VR is very Different
VR is a very different platform and a different experience to traditional game formats and we need to embrace that if we want to succeed in this area. Traditional “run and gun” style games simply do not work and neither do many other popular game genres. Playing sport in VR, controlling a strategy game and even traditional role-playing formats all need, not just a major overhaul in design, but an entirely new approach from the ground up.
360 VR cinema is the same. 100 years of cinematography and editing techniques are almost entirely redundant when we create content where the viewer can be looking anywhere at any time. Once we place our audience into the actual narrative environment for both VR film and VR games we have to approach the entire process differently.
There are some incredible examples of what we can achieve with these formats. Acclaimed director Alejandro González Iñárritu’s Carne y Arena 360 video experience continues to sell out tickets almost as fast as it puts them on sale. This is an experience that has been carefully crafted to utilise the potential of the technology. And there are various examples of games and applications that have taken clever approaches to these new formats.
Stop thinking about limitations
I think the issue is we are still talking about what VR CANNOT do, or how we must adopt existing content to fit the LIMITATIONS of the format. It feels like we have been given the ability to fly and we are discussing the difficulties with swimming.
One advantage of porting old formats to the new platforms is to figure out what works and what does not, in this way it is a legitimate exercise. But we have about 50 examples of FPS games not working on VR, so I think it might be time to move on. It is obviously not easy to simply design a killer app, but anyone who experiences VR or 360 content will understand pretty quickly which aspects of the experience work well and which do not. I have at least a dozen designs for VR content floating around inside my head that simply came from analysing the experiences I enjoyed and comparing them with those I did not.
Rapid movement and combat mechanics defined many of our traditional game styles on consoles and computers. Mobile platforms introduced the concept of quickly swiping our fingers or guiding objects with multiple taps. We adapted our control methods to better suit the device capabilities. VR places us into an environment that completely surrounds us and yet so many experiences only utilise a tiny portion of that space.

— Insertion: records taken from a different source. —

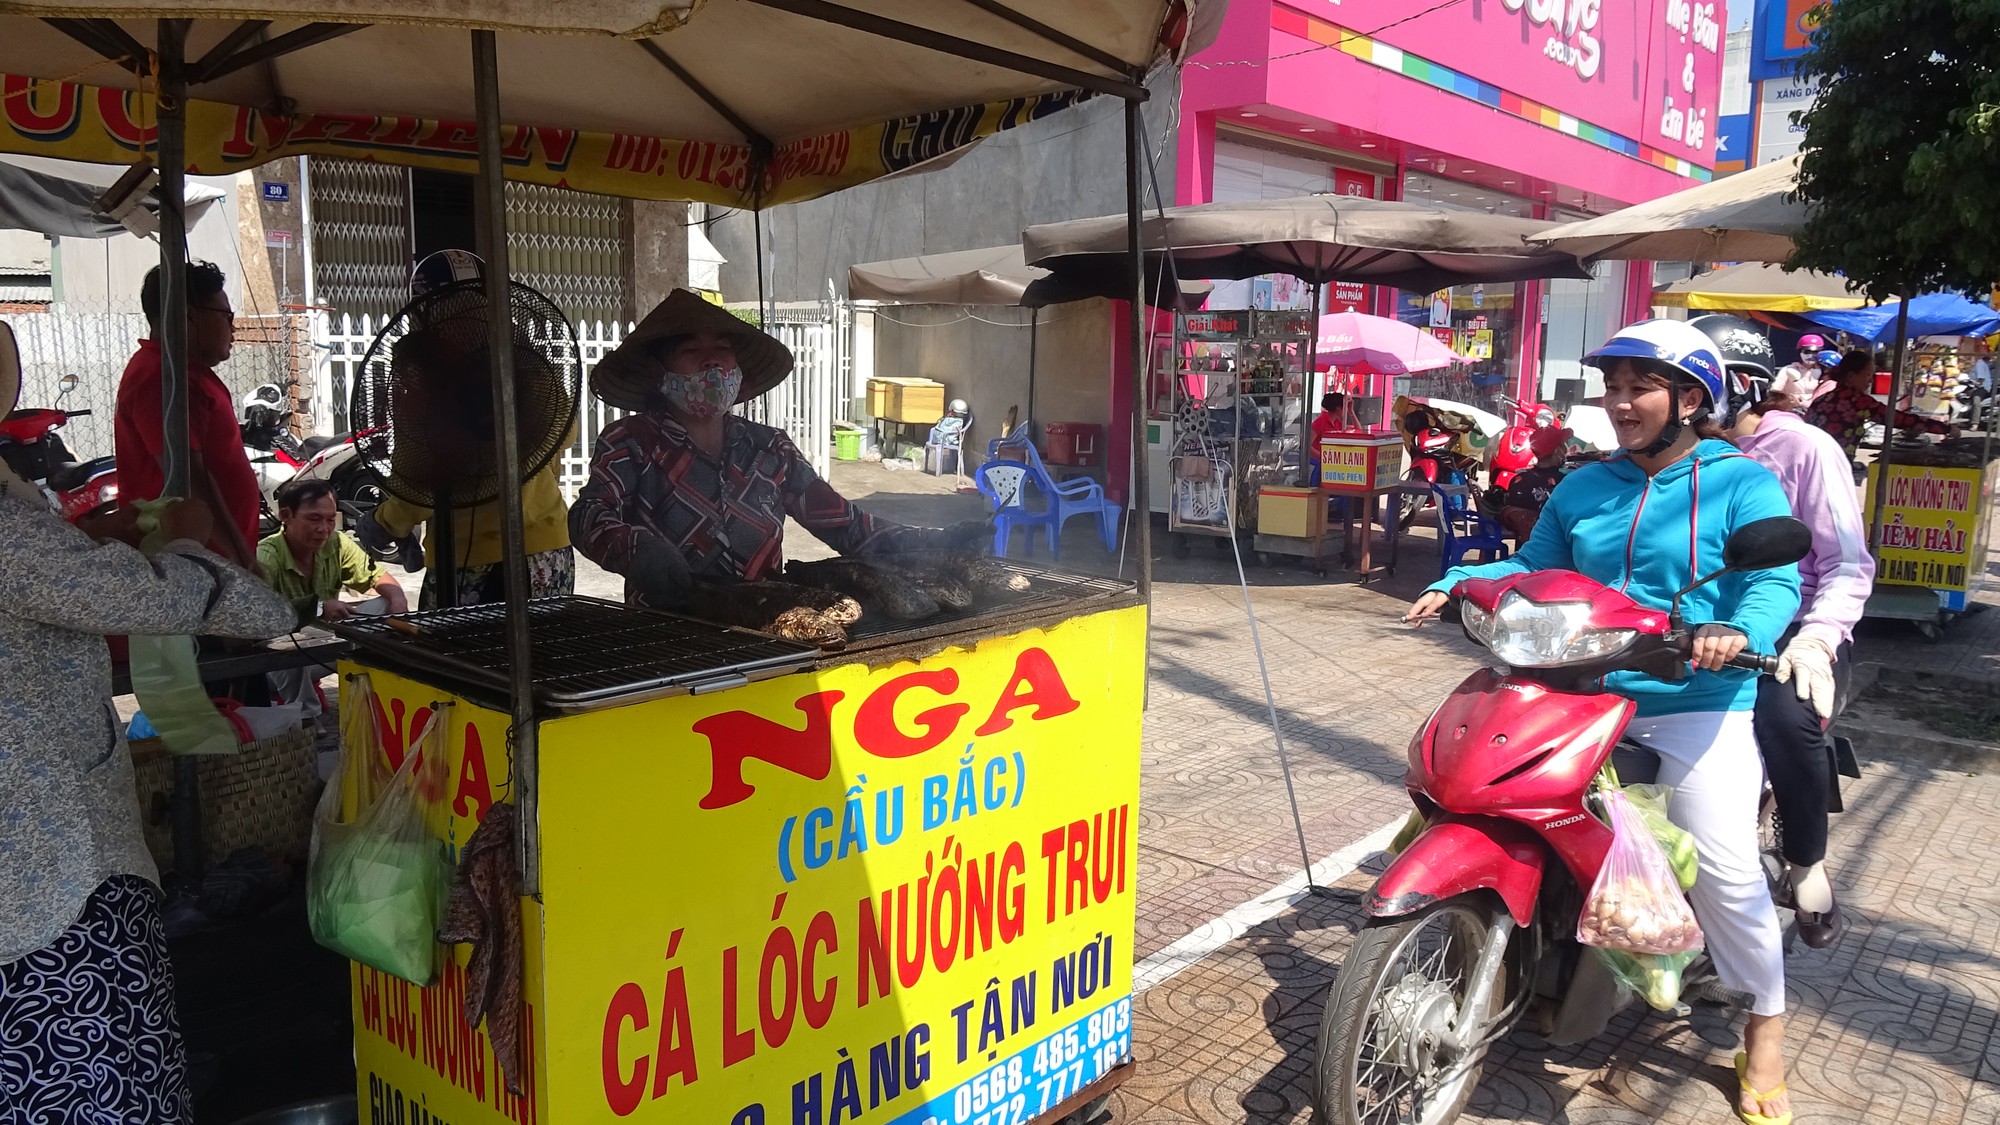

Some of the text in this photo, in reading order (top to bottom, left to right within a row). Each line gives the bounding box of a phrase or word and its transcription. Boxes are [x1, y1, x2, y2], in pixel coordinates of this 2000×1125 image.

[1682, 52, 1695, 93] &
[269, 186, 282, 195] 80
[1947, 480, 1971, 511] TRUI
[1922, 519, 1967, 553] HẢI
[1922, 559, 1945, 587] TẬN
[691, 646, 1081, 810] NGA
[777, 742, 1026, 883] (CẦU BẮC)
[1545, 813, 1587, 830] HONDA
[602, 804, 1129, 1117] CÁ LÓC NƯỚNG TRUI
[950, 977, 1038, 1063] TẬN
[1051, 930, 1114, 1016] NƠI
[954, 1000, 1130, 1123] 0568.485.803
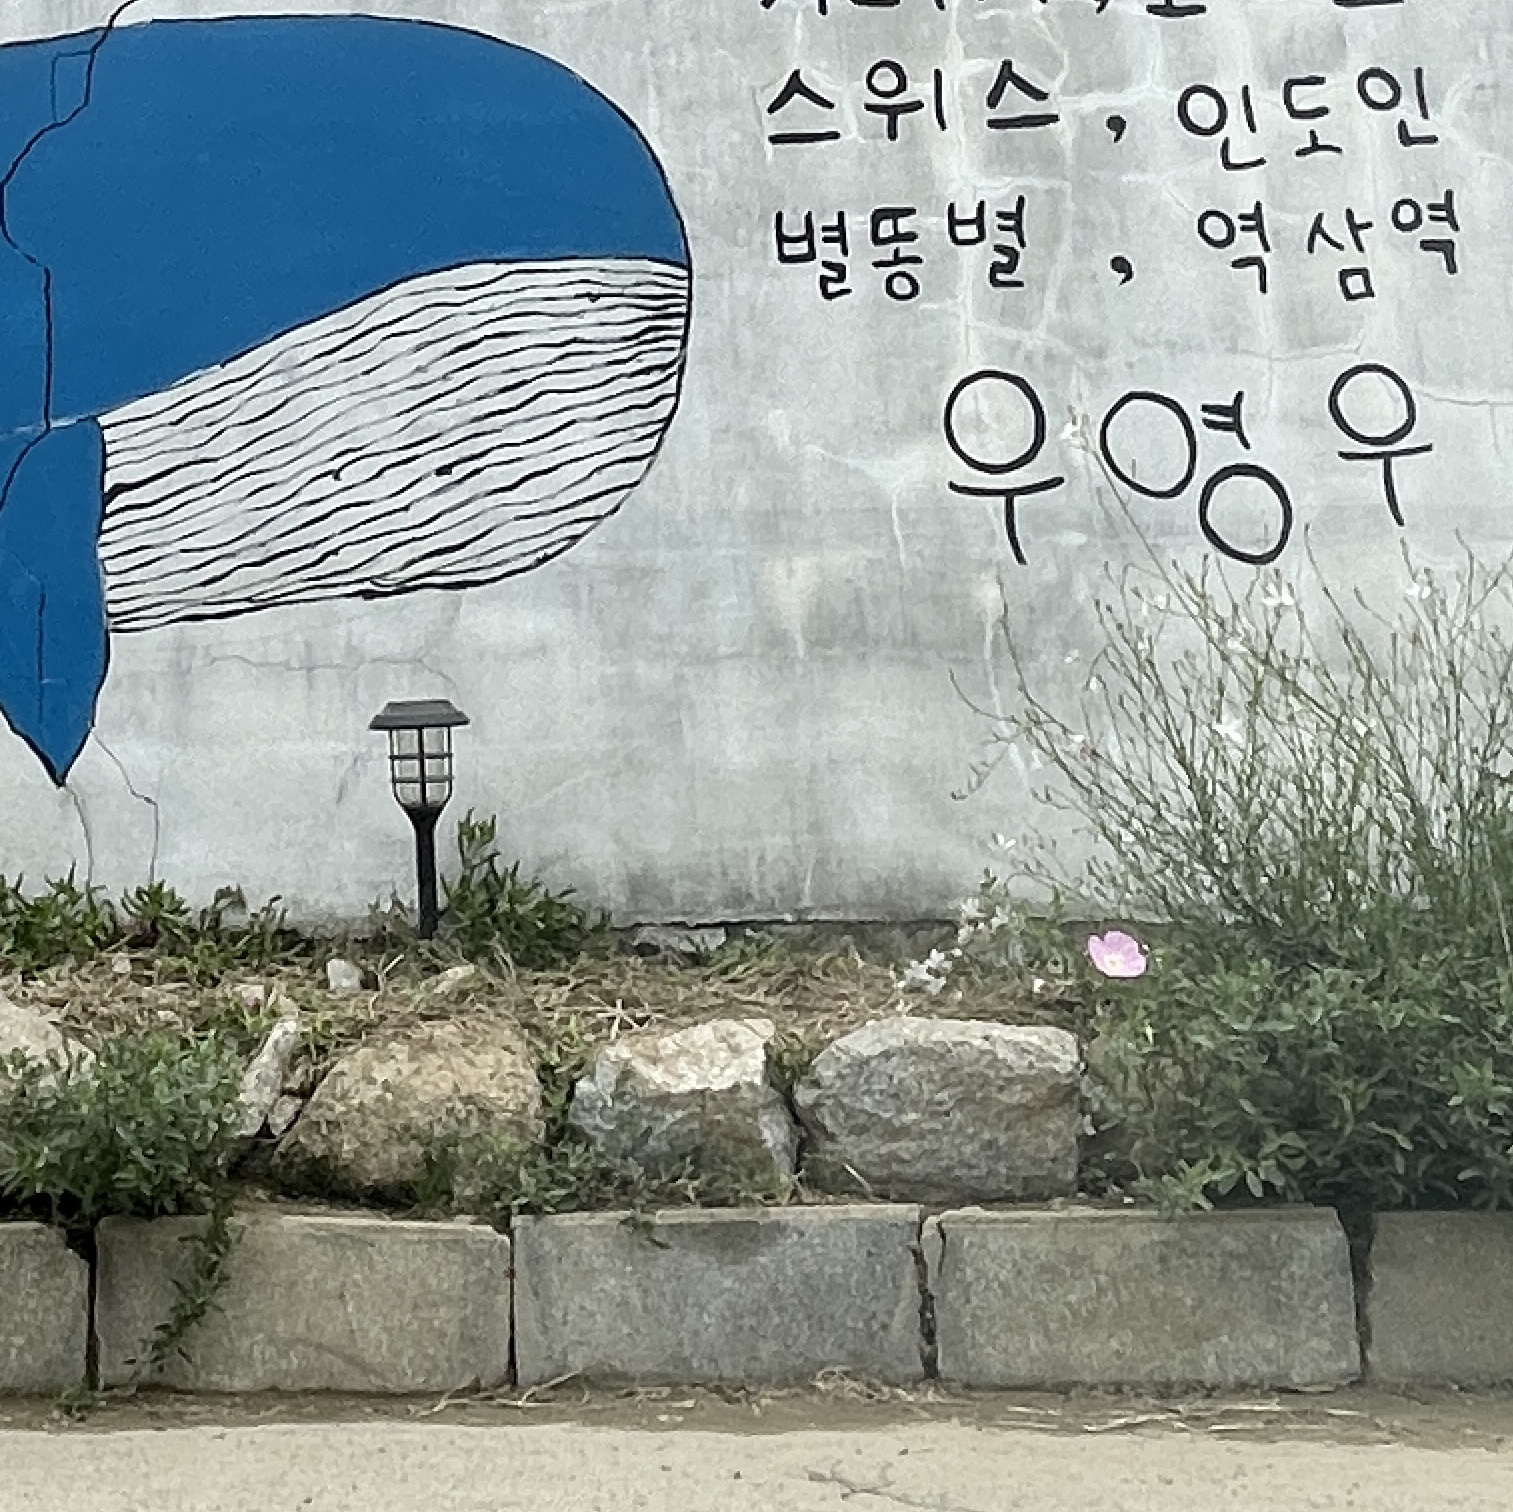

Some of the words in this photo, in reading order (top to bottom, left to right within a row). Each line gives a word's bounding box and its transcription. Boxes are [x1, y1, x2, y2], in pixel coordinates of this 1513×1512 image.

If rapid movement causes nausea in VR then don’t use it. If controlling 100 units in a strategic battle is impossible in VR then perhaps the user should be placed onto the battle field to command 5 characters instead of floating over it. God’s view games are obviously not the best use of VR…or are they? Creating a killer app is not going to be easy, and nor should it be. It should be the culmination of an understanding of how the tech can be utilised effectively with a design whose surface simplicity belies its underlying clever creation.
What we can do
If movement in VR is difficult, then maybe the audience should be static, OR the user could be carried or moved around. (Think wheelchair or sitting on the shoulder of a giant)
Movement is not the problem, the audience controlling that movement currently is. Putting the audience on “rails” allows the developer to exactly tune the experience to avoid issues
We have a 360 sphere to inhabit in VR, please use it, both for movement potential as well as drawing the audiences attention to anywhere around them. (Look up AND look down)
Experiences in vehicles work well as the audience is seated and controls movement of the vehicle. This also can reduce nausea as the fixed points of a cockpit can counter the nausea.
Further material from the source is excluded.